BEGIN

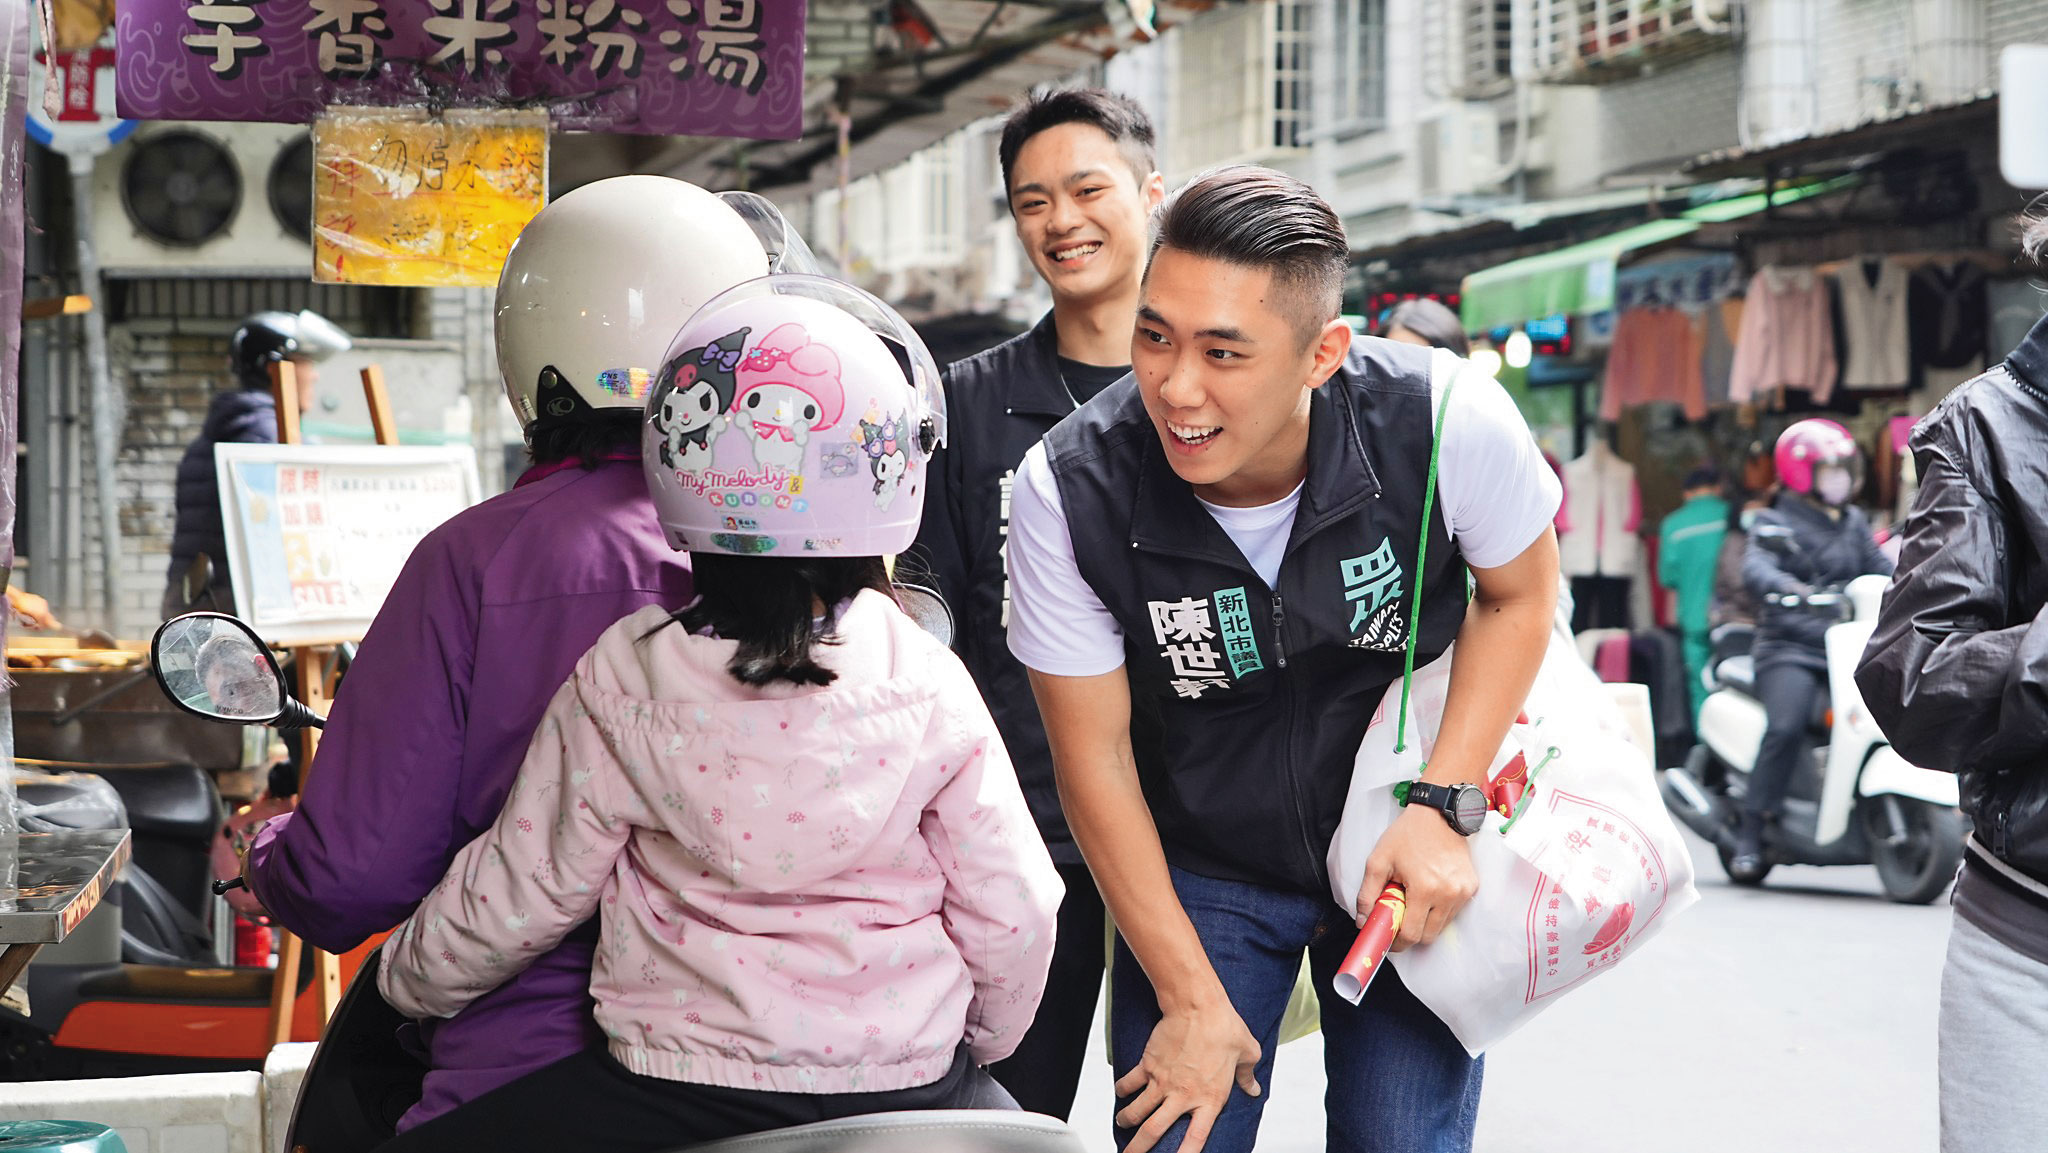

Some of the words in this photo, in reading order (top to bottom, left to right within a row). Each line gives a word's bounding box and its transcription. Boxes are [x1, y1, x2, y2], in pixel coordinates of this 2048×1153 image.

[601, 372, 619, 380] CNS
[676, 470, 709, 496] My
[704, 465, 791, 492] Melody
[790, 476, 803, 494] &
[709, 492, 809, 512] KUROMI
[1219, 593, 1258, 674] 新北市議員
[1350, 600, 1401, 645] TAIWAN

END

■ PROBLEM DETAILS:
Once the images are set aside, retype all of the material above exactly.

■ SOLUTION FOR THIS EXERCISE:
Some of the words in this photo, in reading order (top to bottom, left to right within a row). Each line gives a word's bounding box and its transcription. Boxes are [x1, y1, x2, y2], in pixel coordinates of this 2048×1153 image.

[601, 372, 619, 380] CNS
[676, 470, 709, 496] My
[704, 465, 791, 492] Melody
[790, 476, 803, 494] &
[709, 492, 809, 512] KUROMI
[1219, 593, 1258, 674] 新北市議員
[1350, 600, 1401, 645] TAIWAN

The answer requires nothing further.